Directions for this task
Give back exactly the lines that start at the one containing "this 1600×1131 image." and run to the end of the material below, both ends included.
##########
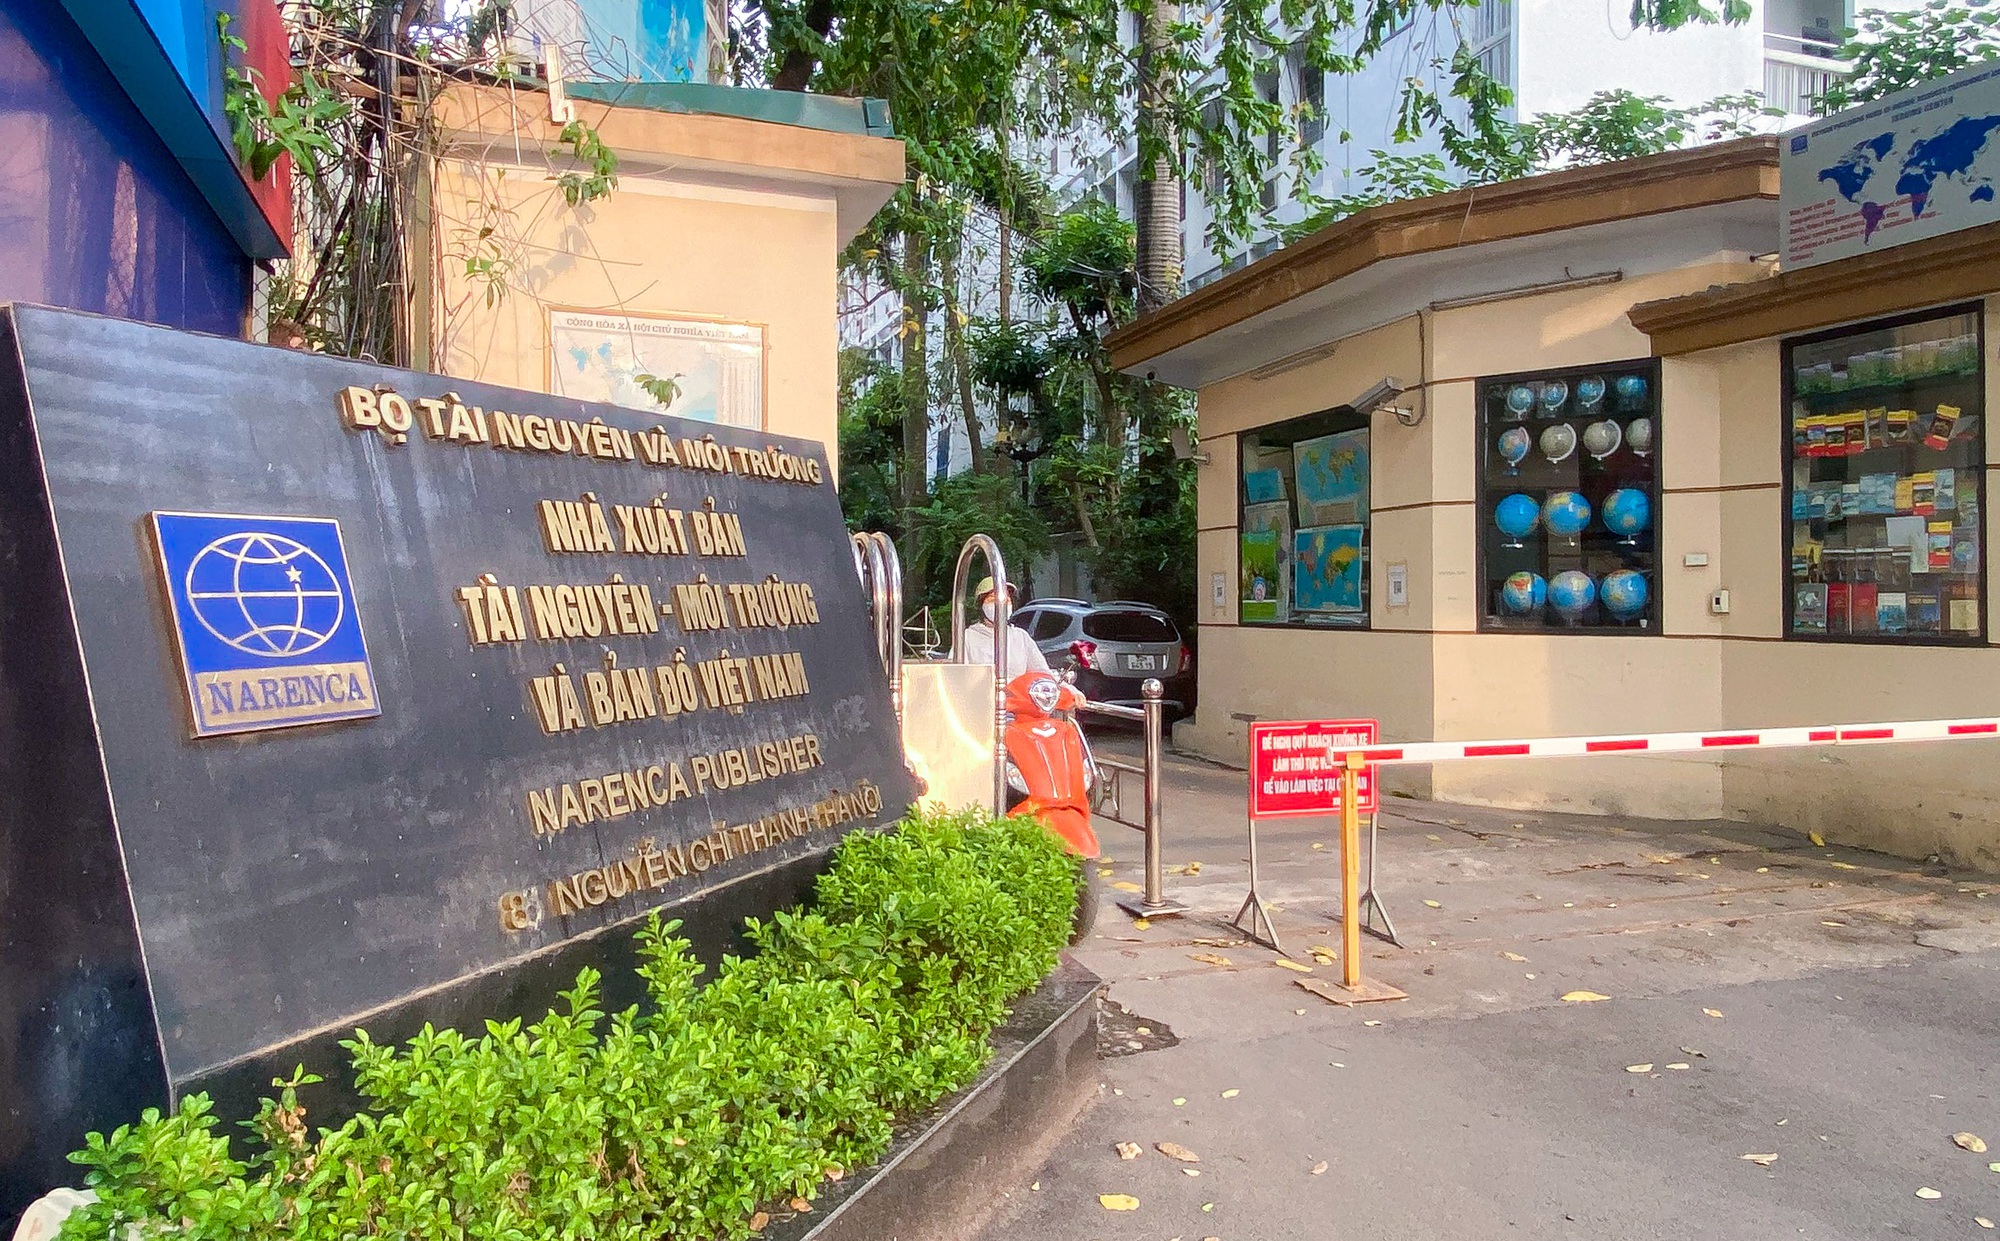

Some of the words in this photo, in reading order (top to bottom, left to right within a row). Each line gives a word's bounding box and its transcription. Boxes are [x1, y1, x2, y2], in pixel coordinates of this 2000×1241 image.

[343, 384, 413, 445] BỘ
[416, 391, 490, 442] TÀI
[488, 410, 635, 460] NGUYÊN
[634, 424, 681, 466] VÀ
[678, 433, 733, 474] MÔI
[732, 444, 823, 485] TRƯỜNG
[537, 491, 616, 552] NHÀ
[612, 491, 690, 556] XUẤT
[688, 495, 747, 556] BẢN
[458, 573, 527, 643] TÀI
[526, 573, 659, 639] NGUYÊN
[673, 573, 730, 631] MÔI
[727, 573, 820, 629] TRƯỜNG
[204, 672, 366, 714] NARENCA
[530, 662, 586, 733] VÀ
[584, 650, 657, 726] BẢN
[654, 646, 698, 715] ĐỒ
[697, 649, 754, 714] VIỆT
[752, 652, 810, 700] NAM
[529, 762, 692, 834] NARENCA
[692, 734, 824, 795] PUBLISHER
[688, 820, 734, 871] CHÍ
[733, 807, 813, 855] THANH
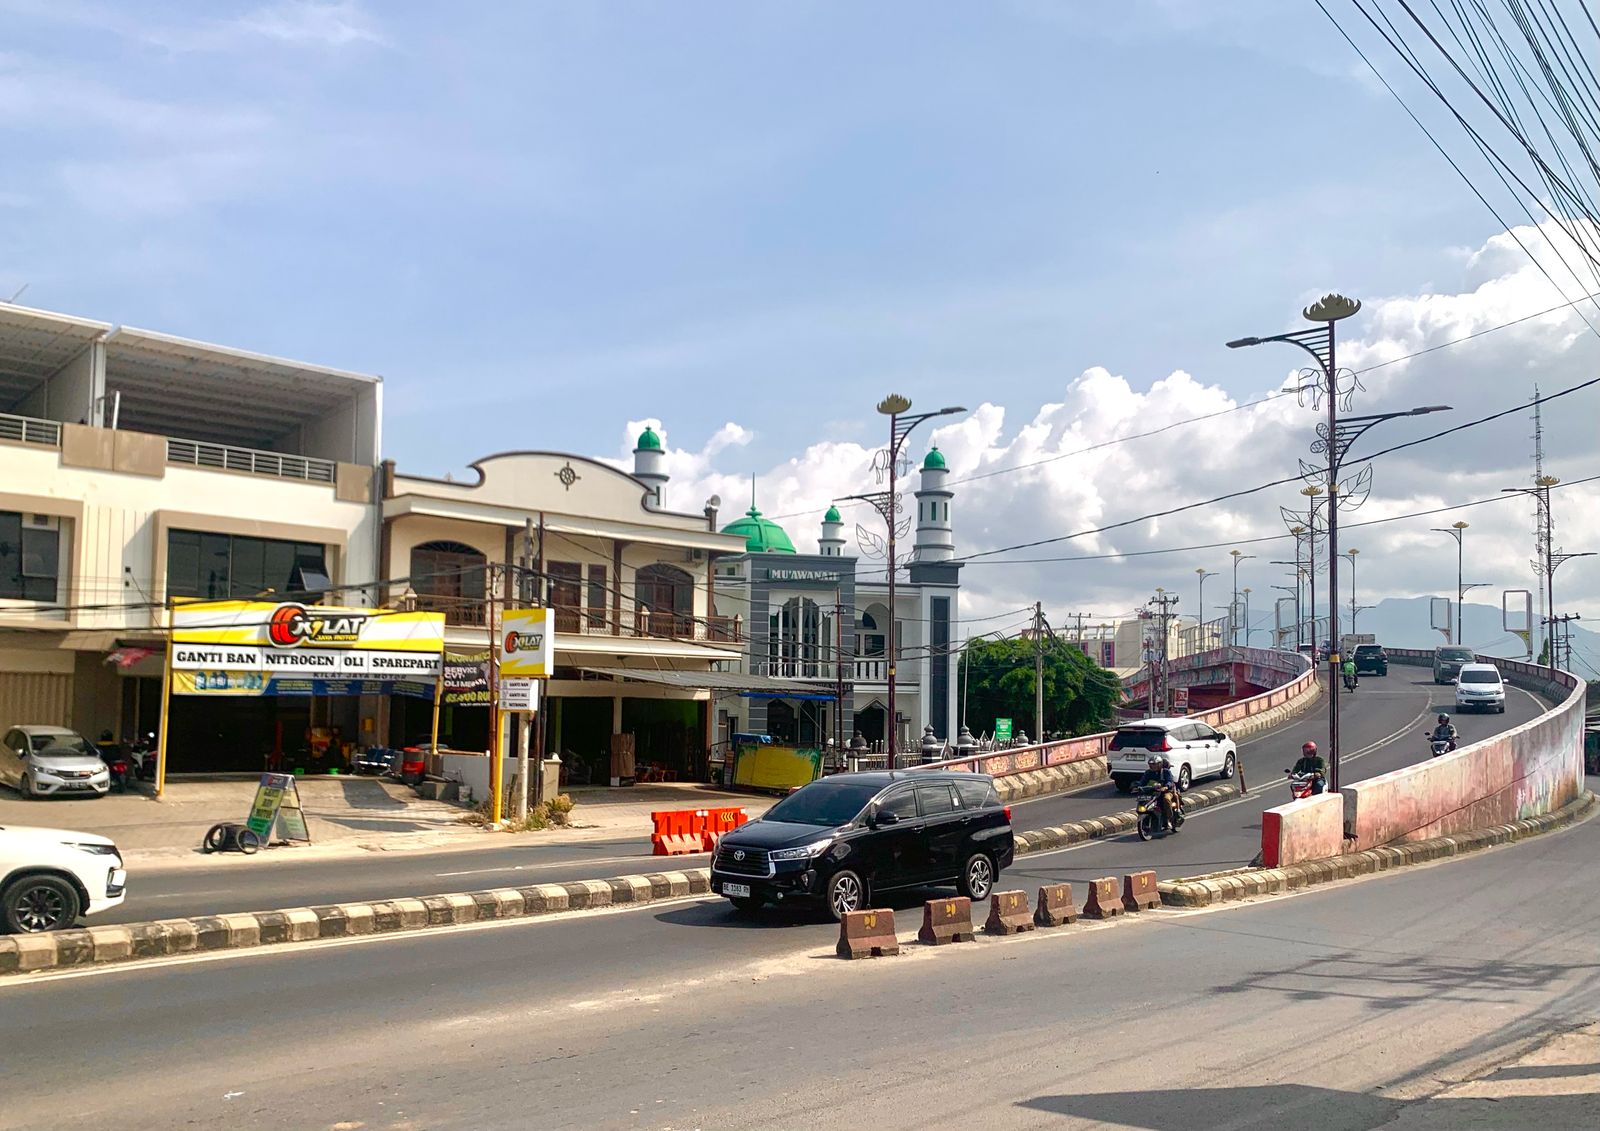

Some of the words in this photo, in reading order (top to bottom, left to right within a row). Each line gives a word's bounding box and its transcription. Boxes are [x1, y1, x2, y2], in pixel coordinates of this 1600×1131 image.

[177, 652, 222, 662] GANTI
[227, 654, 256, 664] BAN
[265, 654, 334, 666] NITROGEN
[344, 656, 364, 667] OLI
[372, 657, 440, 669] SPAREPART
##########
Answer for this exercise
Some of the words in this photo, in reading order (top to bottom, left to right within a row). Each line gives a word's bounding box and its transcription. Boxes are [x1, y1, x2, y2], in pixel coordinates of this 1600×1131 image.

[177, 652, 222, 662] GANTI
[227, 654, 256, 664] BAN
[265, 654, 334, 666] NITROGEN
[344, 656, 364, 667] OLI
[372, 657, 440, 669] SPAREPART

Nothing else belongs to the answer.